WORK TO COMPLETE -> Please output exactly the run of lines that starts at the line with "this 2048×1536 image." and ends at the last line of the records below.

EXCERPTED DATA ->
******

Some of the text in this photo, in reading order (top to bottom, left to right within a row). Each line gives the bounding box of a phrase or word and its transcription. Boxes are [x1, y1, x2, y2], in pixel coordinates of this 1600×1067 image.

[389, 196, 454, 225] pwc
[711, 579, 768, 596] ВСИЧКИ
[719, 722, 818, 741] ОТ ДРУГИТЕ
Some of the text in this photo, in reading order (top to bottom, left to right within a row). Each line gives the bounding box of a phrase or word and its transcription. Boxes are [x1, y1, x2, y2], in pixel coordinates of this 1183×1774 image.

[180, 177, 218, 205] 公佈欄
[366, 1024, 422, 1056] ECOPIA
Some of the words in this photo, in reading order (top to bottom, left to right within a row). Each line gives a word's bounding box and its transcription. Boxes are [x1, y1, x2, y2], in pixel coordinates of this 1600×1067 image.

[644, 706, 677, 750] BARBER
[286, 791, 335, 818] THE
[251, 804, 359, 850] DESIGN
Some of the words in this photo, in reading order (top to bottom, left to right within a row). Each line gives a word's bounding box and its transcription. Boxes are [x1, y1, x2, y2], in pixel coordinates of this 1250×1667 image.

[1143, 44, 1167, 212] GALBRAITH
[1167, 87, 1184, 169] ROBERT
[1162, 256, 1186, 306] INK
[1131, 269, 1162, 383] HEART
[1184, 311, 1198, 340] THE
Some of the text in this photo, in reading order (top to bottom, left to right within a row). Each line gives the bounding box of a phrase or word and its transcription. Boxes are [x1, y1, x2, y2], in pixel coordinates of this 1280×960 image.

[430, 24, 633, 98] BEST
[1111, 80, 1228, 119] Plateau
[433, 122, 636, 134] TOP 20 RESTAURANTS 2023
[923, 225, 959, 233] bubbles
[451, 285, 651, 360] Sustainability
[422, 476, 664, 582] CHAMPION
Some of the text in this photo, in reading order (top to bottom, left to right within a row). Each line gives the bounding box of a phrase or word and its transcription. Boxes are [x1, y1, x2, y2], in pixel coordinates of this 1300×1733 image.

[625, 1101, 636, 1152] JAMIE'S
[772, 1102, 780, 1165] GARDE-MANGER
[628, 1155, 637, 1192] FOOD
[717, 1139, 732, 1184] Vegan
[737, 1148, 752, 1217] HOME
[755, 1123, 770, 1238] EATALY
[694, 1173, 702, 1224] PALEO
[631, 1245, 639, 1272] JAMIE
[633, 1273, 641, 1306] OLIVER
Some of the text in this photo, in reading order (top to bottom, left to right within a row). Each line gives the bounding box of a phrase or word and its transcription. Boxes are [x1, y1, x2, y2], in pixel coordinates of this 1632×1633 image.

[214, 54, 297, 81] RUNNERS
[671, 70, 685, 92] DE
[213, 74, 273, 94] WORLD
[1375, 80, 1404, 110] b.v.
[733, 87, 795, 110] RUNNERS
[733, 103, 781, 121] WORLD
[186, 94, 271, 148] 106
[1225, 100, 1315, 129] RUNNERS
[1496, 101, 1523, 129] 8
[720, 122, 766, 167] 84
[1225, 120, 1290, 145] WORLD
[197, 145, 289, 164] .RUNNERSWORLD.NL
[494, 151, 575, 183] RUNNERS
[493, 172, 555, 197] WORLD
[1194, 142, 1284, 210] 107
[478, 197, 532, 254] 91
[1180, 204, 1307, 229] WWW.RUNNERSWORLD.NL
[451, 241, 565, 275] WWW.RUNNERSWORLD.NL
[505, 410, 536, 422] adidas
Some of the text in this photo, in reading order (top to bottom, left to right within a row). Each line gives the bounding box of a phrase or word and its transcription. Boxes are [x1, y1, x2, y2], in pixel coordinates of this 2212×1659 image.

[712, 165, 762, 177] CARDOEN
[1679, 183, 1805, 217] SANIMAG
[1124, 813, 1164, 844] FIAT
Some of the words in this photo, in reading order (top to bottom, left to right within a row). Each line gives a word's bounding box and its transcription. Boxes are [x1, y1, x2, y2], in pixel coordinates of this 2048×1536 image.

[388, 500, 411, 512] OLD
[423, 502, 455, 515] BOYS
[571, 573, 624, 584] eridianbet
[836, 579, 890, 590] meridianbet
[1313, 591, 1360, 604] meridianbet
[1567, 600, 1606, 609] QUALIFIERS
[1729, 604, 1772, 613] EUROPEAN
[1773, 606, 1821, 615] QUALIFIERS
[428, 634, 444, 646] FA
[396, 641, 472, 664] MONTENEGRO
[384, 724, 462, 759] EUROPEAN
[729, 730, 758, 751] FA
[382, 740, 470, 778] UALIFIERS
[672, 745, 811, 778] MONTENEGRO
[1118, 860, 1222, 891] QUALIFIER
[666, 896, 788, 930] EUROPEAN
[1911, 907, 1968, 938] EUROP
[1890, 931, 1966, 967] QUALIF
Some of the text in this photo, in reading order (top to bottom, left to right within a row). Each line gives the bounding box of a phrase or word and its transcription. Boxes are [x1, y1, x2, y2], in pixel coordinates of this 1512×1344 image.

******

TASK RESULT ->
Some of the words in this photo, in reading order (top to bottom, left to right within a row). Each line gives a word's bounding box and its transcription. Boxes are [x1, y1, x2, y2], in pixel coordinates of this 2048×1536 image.

[388, 500, 411, 512] OLD
[423, 502, 455, 515] BOYS
[571, 573, 624, 584] eridianbet
[836, 579, 890, 590] meridianbet
[1313, 591, 1360, 604] meridianbet
[1567, 600, 1606, 609] QUALIFIERS
[1729, 604, 1772, 613] EUROPEAN
[1773, 606, 1821, 615] QUALIFIERS
[428, 634, 444, 646] FA
[396, 641, 472, 664] MONTENEGRO
[384, 724, 462, 759] EUROPEAN
[729, 730, 758, 751] FA
[382, 740, 470, 778] UALIFIERS
[672, 745, 811, 778] MONTENEGRO
[1118, 860, 1222, 891] QUALIFIER
[666, 896, 788, 930] EUROPEAN
[1911, 907, 1968, 938] EUROP
[1890, 931, 1966, 967] QUALIF
Some of the text in this photo, in reading order (top to bottom, left to right within a row). Each line gives the bounding box of a phrase or word and its transcription. Boxes are [x1, y1, x2, y2], in pixel coordinates of this 1512×1344 image.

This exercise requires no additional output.